[TASK REQUIREMENTS] Repeat the entries below word for word, though any picture in them should be dropped.

[DATA SHOWN]
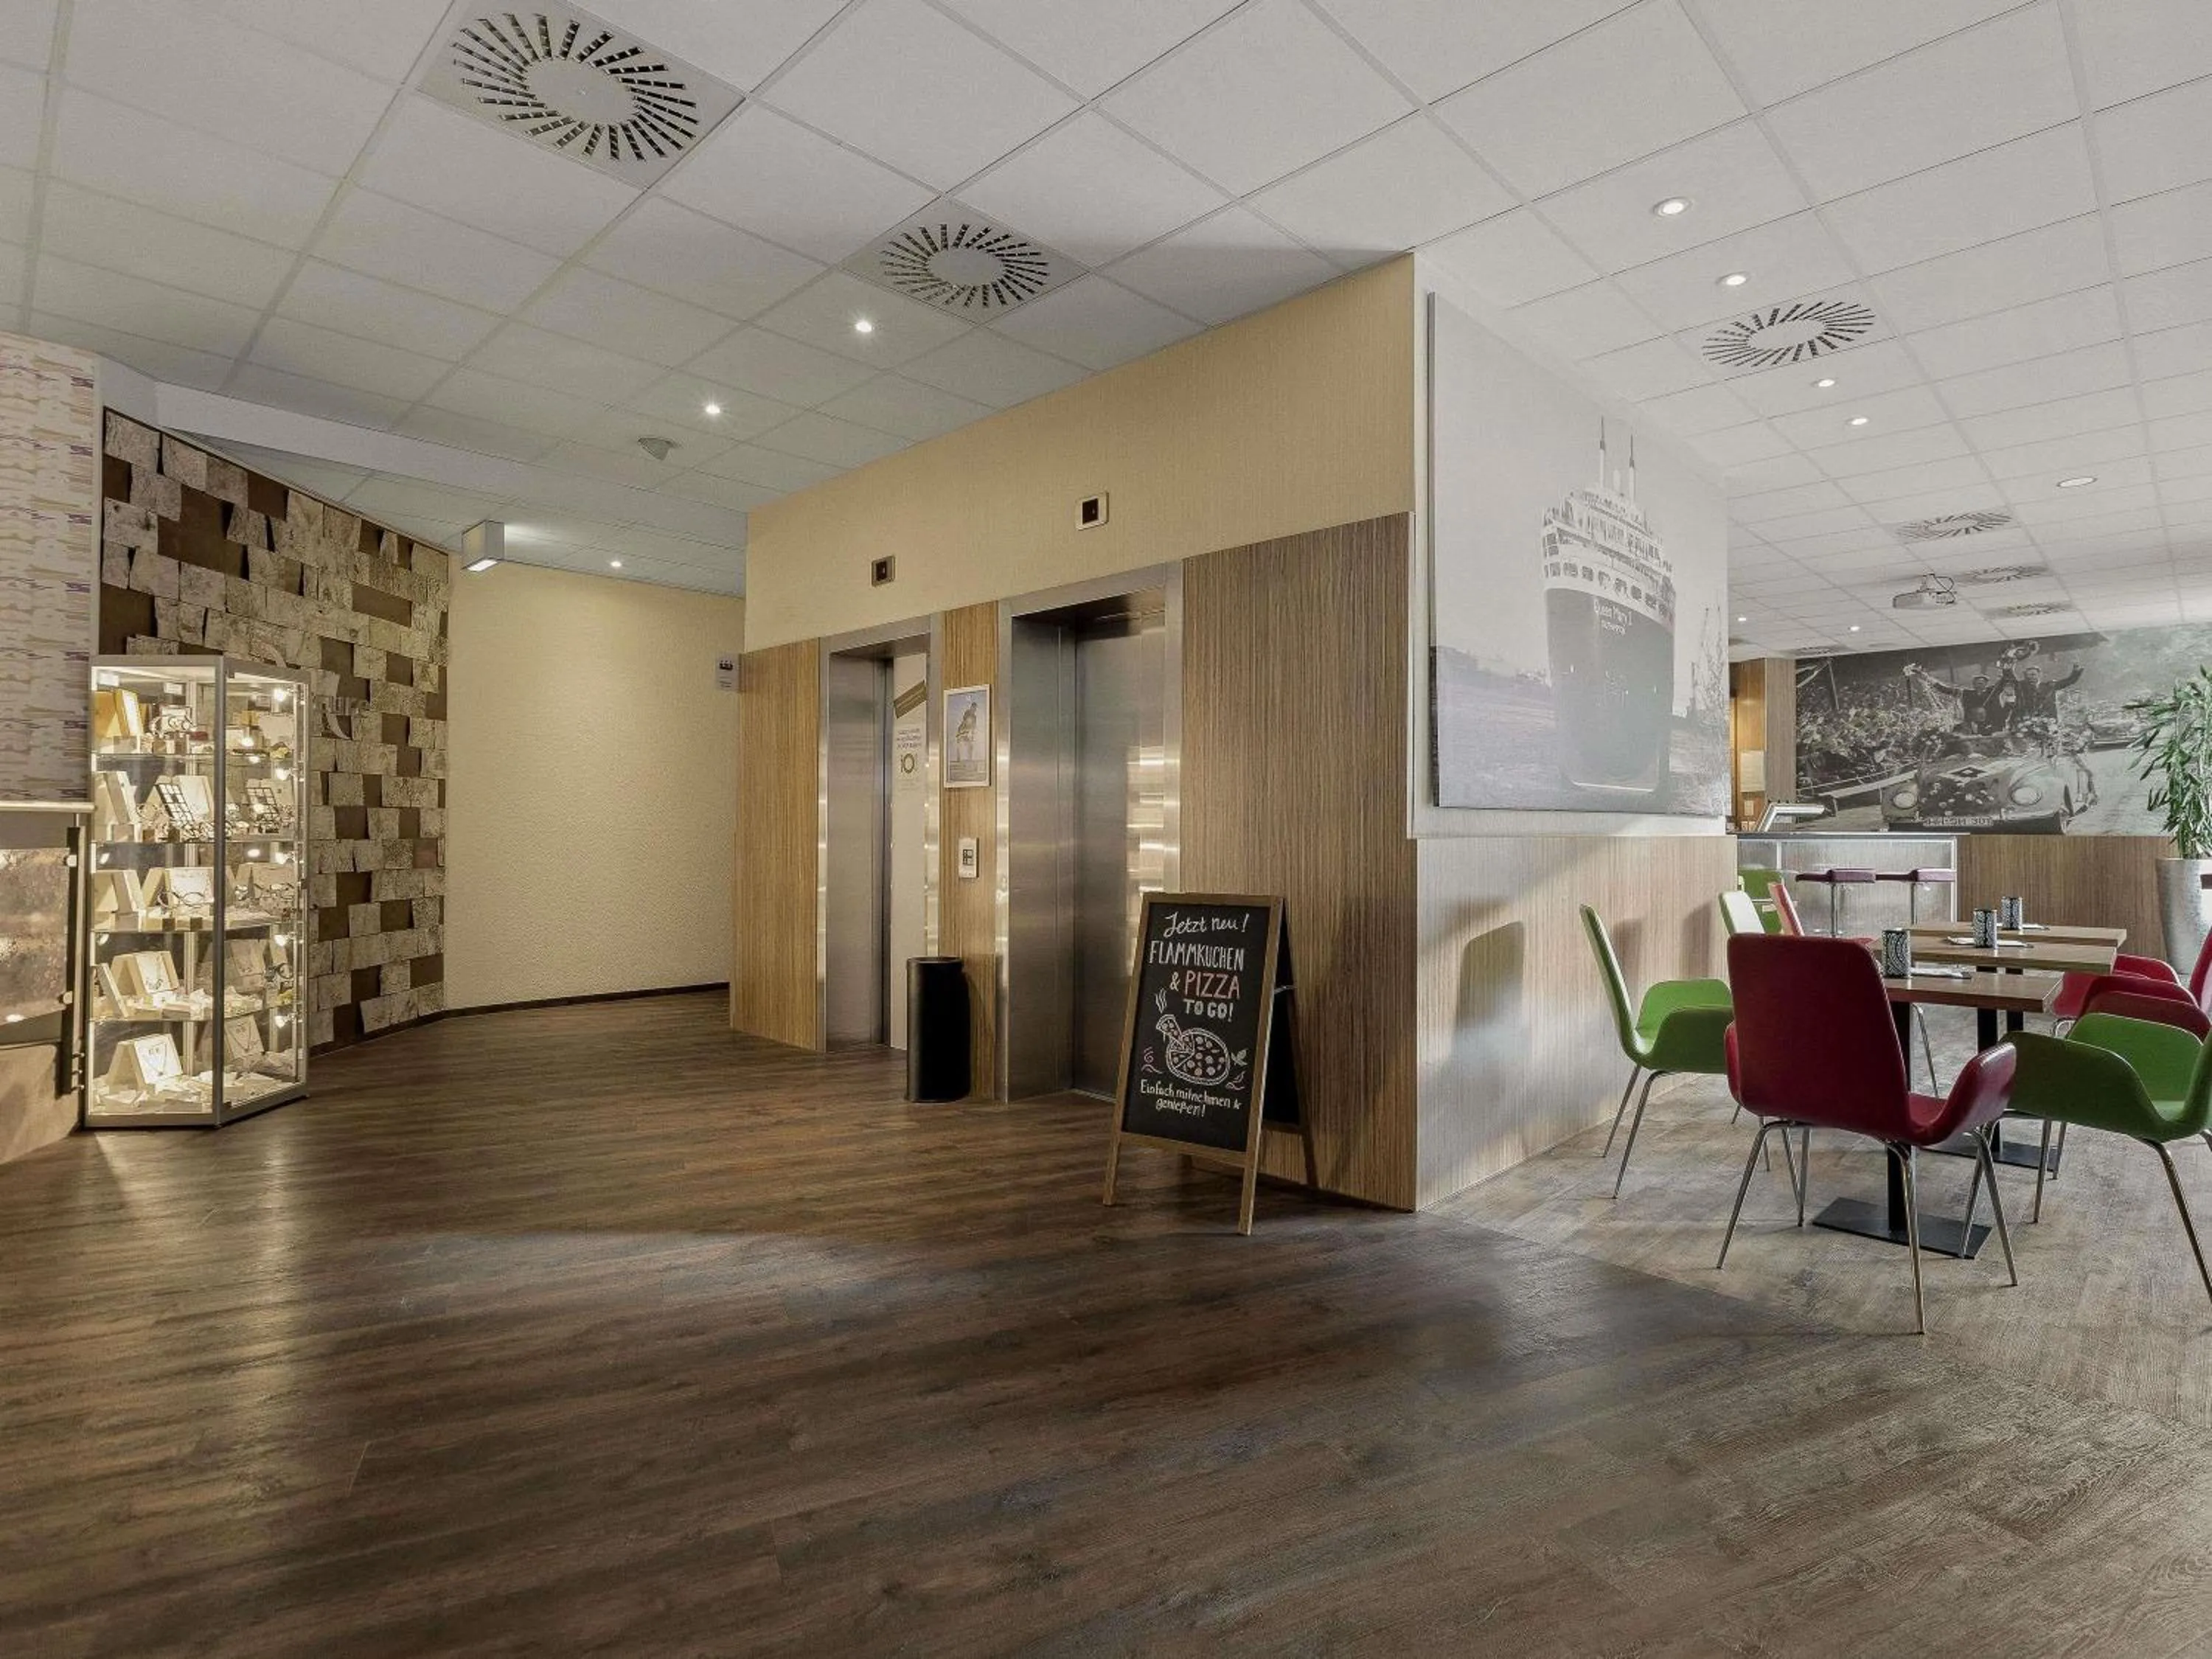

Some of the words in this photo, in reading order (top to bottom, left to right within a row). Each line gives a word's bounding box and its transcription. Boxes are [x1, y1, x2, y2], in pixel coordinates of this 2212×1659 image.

[1163, 911, 1208, 938] Jetzt
[1149, 940, 1245, 971] FLAMMKUCHEN
[1169, 971, 1180, 992] &
[1184, 970, 1240, 1000] PIZZA
[1183, 998, 1204, 1015] TO
[1206, 1001, 1234, 1023] GO!
[1140, 1079, 1175, 1097] Einfach
[1175, 1088, 1231, 1108] mitnehmen

[SOLUTION FOR THIS EXERCISE]
Some of the words in this photo, in reading order (top to bottom, left to right within a row). Each line gives a word's bounding box and its transcription. Boxes are [x1, y1, x2, y2], in pixel coordinates of this 2212×1659 image.

[1163, 911, 1208, 938] Jetzt
[1149, 940, 1245, 971] FLAMMKUCHEN
[1169, 971, 1180, 992] &
[1184, 970, 1240, 1000] PIZZA
[1183, 998, 1204, 1015] TO
[1206, 1001, 1234, 1023] GO!
[1140, 1079, 1175, 1097] Einfach
[1175, 1088, 1231, 1108] mitnehmen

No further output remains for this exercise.